O Secretario-adjunto do Sínodo dos Bispos nos ajuda a compreender a importância da sinodalidade, algo que põe em jogo a coerência da Igreja.
Eis a entrevista.
Sinodalidade, uma palavra que podemos dizer vem da primeira Igreja, que foi promovida há 60 anos pelo Concílio Vaticano II, mas que ainda soa estranho para muitas pessoas. O que significa sinodalidade?
A sinodalidade, não tanto a palavra, mas o conceito, nos leva de volta à Igreja primitiva, à Igreja dos Apóstolos. É uma Igreja que é a família de Deus, participativa, unida a Cristo, evangelizadora, dinâmica. Isto é sinodalidade, caminhar juntos, comunhão no caminho.
- Antes de tudo, ser cristão significa ser incorporado a Cristo, conhecer Cristo desde a experiência, aprofundar em Cristo e proclamar Cristo. Isto é caminhar, isto é próprio da Igreja.
- Em segundo lugar, sempre juntos, em comunidade, em família, nunca em isolamento, nunca em egoísmo, nunca em individualismo, como uma comunidade, uma Igreja, uma família, juntos.

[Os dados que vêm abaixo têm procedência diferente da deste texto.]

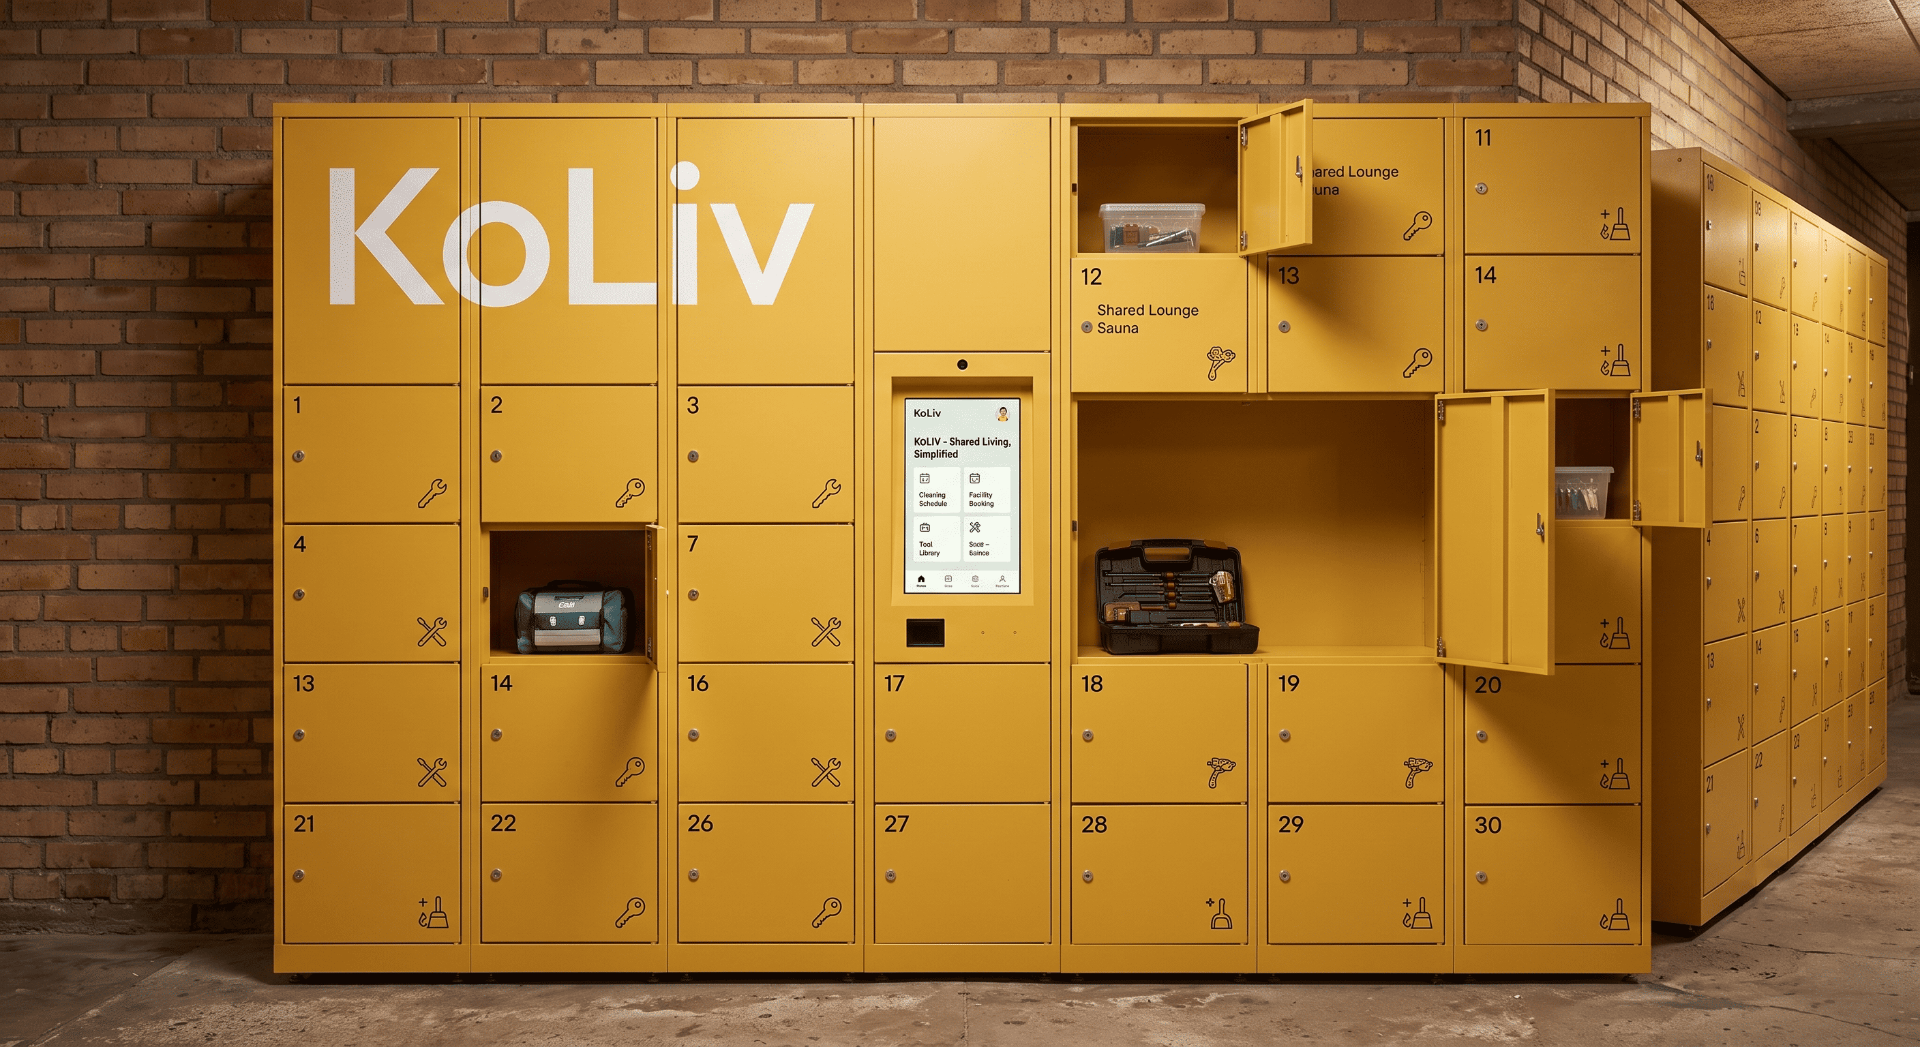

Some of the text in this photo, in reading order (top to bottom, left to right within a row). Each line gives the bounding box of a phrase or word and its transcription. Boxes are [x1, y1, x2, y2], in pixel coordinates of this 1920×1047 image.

[1475, 129, 1492, 146] 11
[1348, 165, 1399, 181] Lounge
[1313, 185, 1340, 196] una
[329, 160, 816, 308] KoLiv
[1081, 267, 1103, 286] 12
[1278, 267, 1300, 285] 13
[1475, 266, 1497, 284] 14
[1097, 303, 1200, 322] Shared Lounge
[1097, 321, 1140, 334] Sauna
[293, 396, 302, 414] 1
[490, 396, 503, 414] 2
[687, 396, 699, 415] 3
[913, 408, 942, 418] KoLiv
[949, 437, 980, 446] Shared
[982, 437, 1012, 449] Living,
[913, 450, 959, 461] Simplified
[919, 491, 946, 499] Cleaning
[968, 500, 995, 508] Booking
[293, 535, 308, 553] 4
[687, 535, 700, 553] 7
[919, 550, 941, 558] Library
[1706, 652, 1714, 669] 13
[293, 674, 315, 693] 13
[490, 674, 513, 692] 14
[687, 674, 710, 692] 16
[884, 674, 906, 692] 17
[1081, 674, 1103, 693] 18
[1278, 674, 1300, 693] 19
[1475, 676, 1502, 694] 20
[1754, 751, 1763, 770] 22
[1706, 774, 1714, 793] 21
[293, 814, 315, 833] 21
[490, 814, 517, 832] 22
[687, 814, 714, 833] 26
[884, 814, 910, 833] 27
[1081, 815, 1108, 834] 28
[1278, 815, 1305, 833] 29
[1474, 816, 1502, 834] 30

E isto tem que entrar no ser, na atuação e no estilo da Igreja. Isto é sinodalidade e é aqui que nós estamos.
- Não é nada de novo,
- mas ao mesmo tempo o ímpeto, a ênfase, a realização do que este compromisso atual com a sinodalidade traz consigo
- pode ser novo.
A sinodalidade é um processo dinâmico que nunca termina. Toda a Igreja e tudo o que é Igreja deve ser sinodal.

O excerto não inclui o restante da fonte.